On leaving a movie theatre sultry Lola McLane (Kim Novak) has trouble starting her car. So Paul Sheridan (Fred MacMurray) saunters over offering to help. They leave the car with a mechanic and spend the evening together at a bar. Which goes well enough Lola accompanies Paul back to his apartment. The next day Paul and his partner Rick McCallister (Phil Carey) report to their superior, Lieutenant Eckstrom (E.G. Marshall). For Paul is actually a cop assigned to trail Lola in order to catch her bank-robbing boyfriend Harry Wheeler (Paul Richards). At least that is the plan.

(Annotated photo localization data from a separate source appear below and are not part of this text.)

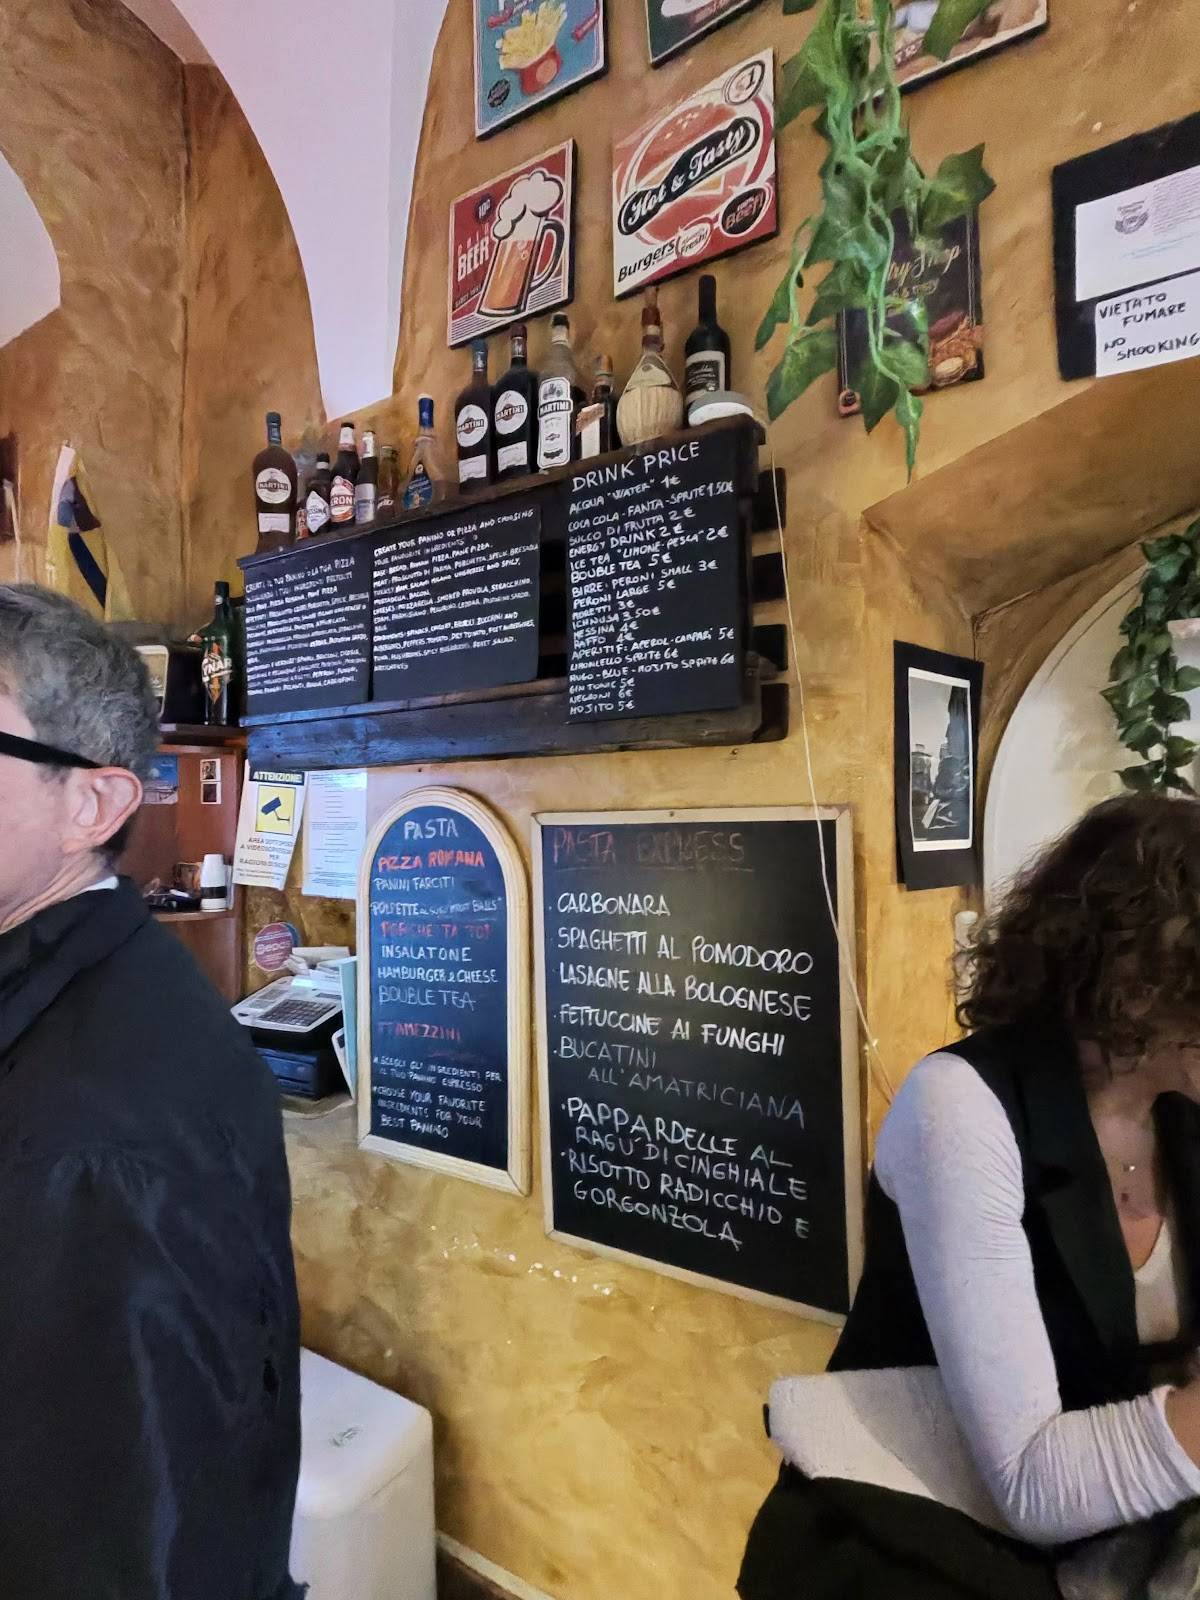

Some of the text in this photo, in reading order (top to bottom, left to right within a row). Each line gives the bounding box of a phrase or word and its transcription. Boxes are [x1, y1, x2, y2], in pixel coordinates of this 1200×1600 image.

[627, 122, 746, 227] Hot & Tasty
[457, 236, 490, 282] BEER
[618, 237, 675, 283] Burgers
[1099, 292, 1167, 320] VIETATO
[1121, 302, 1186, 328] FUMARE
[1104, 337, 1126, 353] NO
[572, 442, 700, 492] DRINK PRICE
[569, 496, 605, 514] ACQUA
[568, 518, 590, 532] COCA
[593, 512, 619, 526] COLA
[569, 532, 601, 546] SUCCO
[607, 526, 620, 535] DI
[625, 515, 664, 532] FRUTTA
[374, 543, 397, 557] CREATE
[480, 518, 495, 528] AND
[569, 542, 605, 558] ENERGY
[610, 529, 656, 548] DRINK
[570, 559, 586, 571] ICE
[590, 554, 610, 565] TEA
[619, 560, 641, 571] TEA
[612, 574, 655, 589] PERONI
[661, 564, 692, 579] SMALL
[573, 594, 612, 609] PERONI
[616, 585, 650, 599] LARGE
[572, 605, 611, 620] MORETTI
[572, 613, 619, 630] ICHNUSA
[573, 625, 615, 640] MESSINA
[574, 637, 606, 650] RAFFO
[569, 684, 584, 692] GIN
[588, 681, 616, 690] TONIC
[569, 692, 610, 703] NEGRONI
[570, 703, 614, 715] MOJITO
[404, 818, 459, 840] PASTA
[378, 850, 485, 872] PIZZA ROMANA
[374, 877, 410, 891] PANINI
[557, 892, 671, 917] CARBONARA
[381, 946, 472, 961] INSALATONE
[557, 927, 814, 976] SPAGHETTI AL POMODORO
[378, 966, 445, 982] HAMBURGER
[456, 969, 499, 983] CHEESE
[438, 989, 476, 1011] TEA
[559, 962, 812, 1023] LASAGNE ALLA BOLOGNESE
[559, 1003, 786, 1057] FETTUCCINE AI FUNGHI
[558, 1036, 657, 1069] BUCATINI
[567, 1097, 793, 1170] PAPPARDELLE AL
[642, 1143, 668, 1165] DI
[675, 1154, 808, 1200] CINGHIALE
[569, 1150, 810, 1239] RISOTTO RADICCHIO E
[574, 1179, 743, 1252] GORGONZOLA

It is not long though before both Lola and a stolen $250,000 start to look awfully tempting to the hard-luck cop.
Interestingly this Fifties film noir crime thriller was adapted from two different novels: Thomas Walsh's 'The Night Watch' and 'Rafferty' by Bill S. Ballinger (also a prolific screenwriter for film, television and radio). Nevertheless critics at the time felt the plot of Pushover skewed too closely to the Raymond Chandler-scripted Billy Wilder-directed noir classic Double Indemnity (1944). Which of course also starred Fred MacMurray. Certainly there are echoes here of MacMurray's earlier role as he once again portrays an antihero who thinks of himself as a sharp operator who knows all the angles. Only to find himself increasingly out of his depth. Yet in terms of style, treatment and tone, Pushover feels like a different kind of noir compared to the Wilder classic. Lester H. White's stark, torn-from-the-headlines style of cinematography leaves less room for that film noir pulp poetry, but suits the brisk storytelling of director Richard Quine. The opening credits play over a tense bank robbery while the second act evolves into a variation on Rear Window (1954) that contrasts Paul's obsession with Lola with Rick's growing infatuation with Ann (Dorothy Malone), the 'nice girl' next door. A subplot that eventually merges with the main thread for a satisfying payoff.

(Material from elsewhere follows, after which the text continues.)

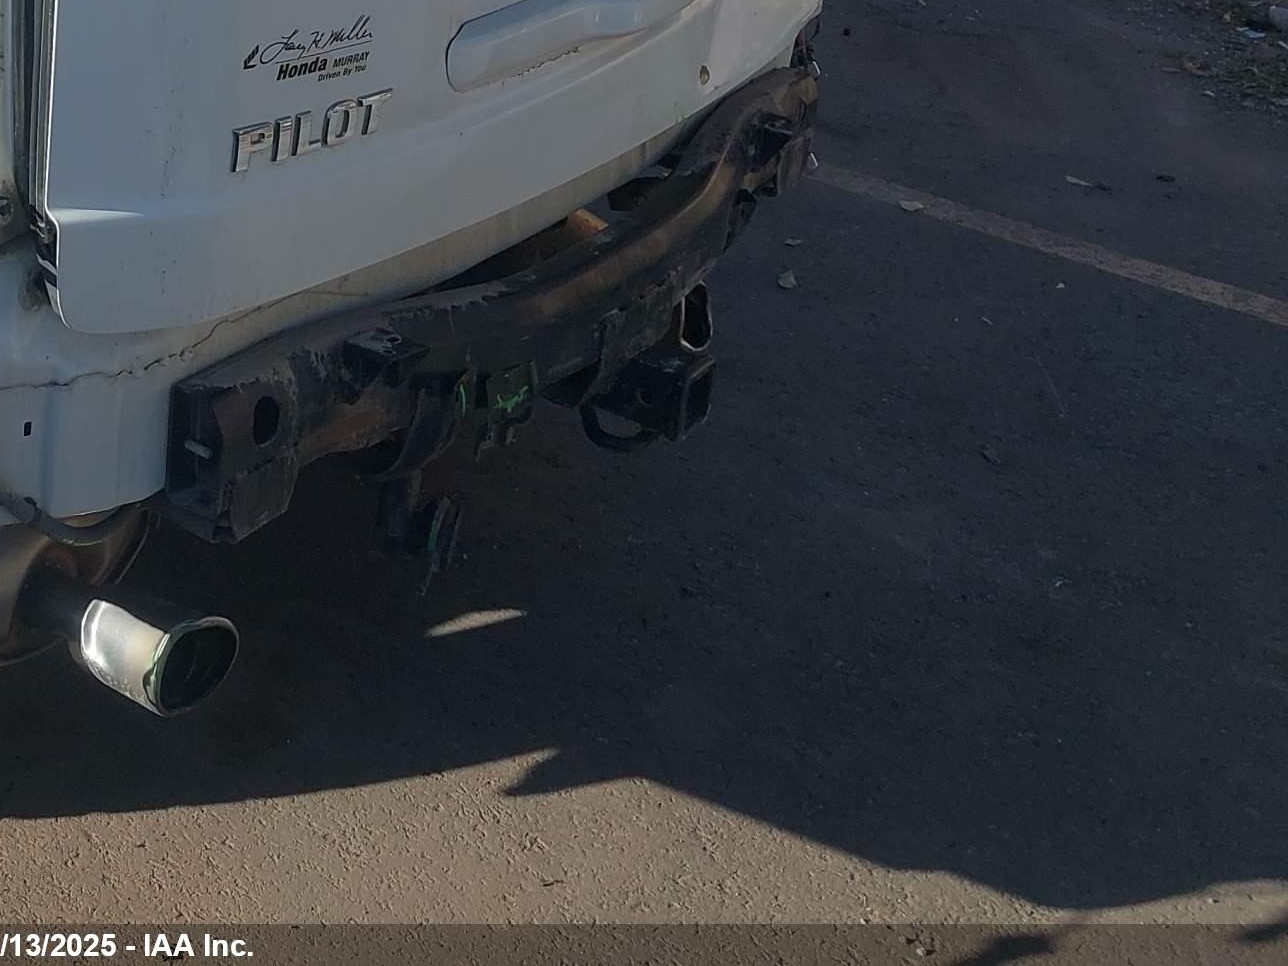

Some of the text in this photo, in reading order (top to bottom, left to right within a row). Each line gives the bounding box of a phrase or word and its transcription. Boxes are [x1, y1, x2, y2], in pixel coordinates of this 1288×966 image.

[276, 51, 370, 81] Honda MURRAY
[317, 64, 368, 82] Driven By You
[230, 87, 393, 173] PILOT

Less ominous with a slightly less jaded view of human behaviour than Double Indemnity, Pushover musters empathy for its morally compromised cop. It also softens its femme fatale character. Kim Novak's smart and perceptive Lola, who figures out Paul is a cop early on, is mercenary enough to latch on to him as a means of escape. Yet the script by Roy Huggins, who went on to create a host of classic TV shows like Maverick, The Fugitive and The Rockford Files, implies Lola's feelings for Paul are genuine and stem from qualities of downtrodden desperation she recognizes in herself. In her first major role Novak's breathless delivery and captivating presence mark her as an obvious star. Although Pushover was a modest success at the box-office it was still a year before Picnic (1955) launched her to true stardom. Novak and Quine were romantically involved but despite a lengthy engagement never actually wed. In fact the couple split shortly after making their last film together, the comedy-mystery The Notorious Landlady (1962).
Having started out as an actor, Quine segued into writing and directing in the early Fifties. Mostly musicals and comedies, many of which were written in partnership with Blake Edwards including a previous film noir, Drive a Crooked Road (1954) starring a hard-boiled Mickey Rooney. Here Quine does a nice job keeping the viewer off-balance, tightening the screws on his doomed duo. Tightly plotted and briskly paced, the film charts Paul's downward spiral in perfunctory albeit absorbing fashion. Where it stumbles slightly is in dwelling excessively Rick and Ann as a saccharine counterpoint to the leads' illicit passion. Ann, who comes complete with her own sugary theme music, practically has a halo hovering permanently above her head. Meanwhile Rick, our ostensible straight arrow, moves from a speech denouncing women as self-serving bitches to eyeballing Ann like a creep. Both come across rather smug and far less affecting than the flawed, desperate protagonists.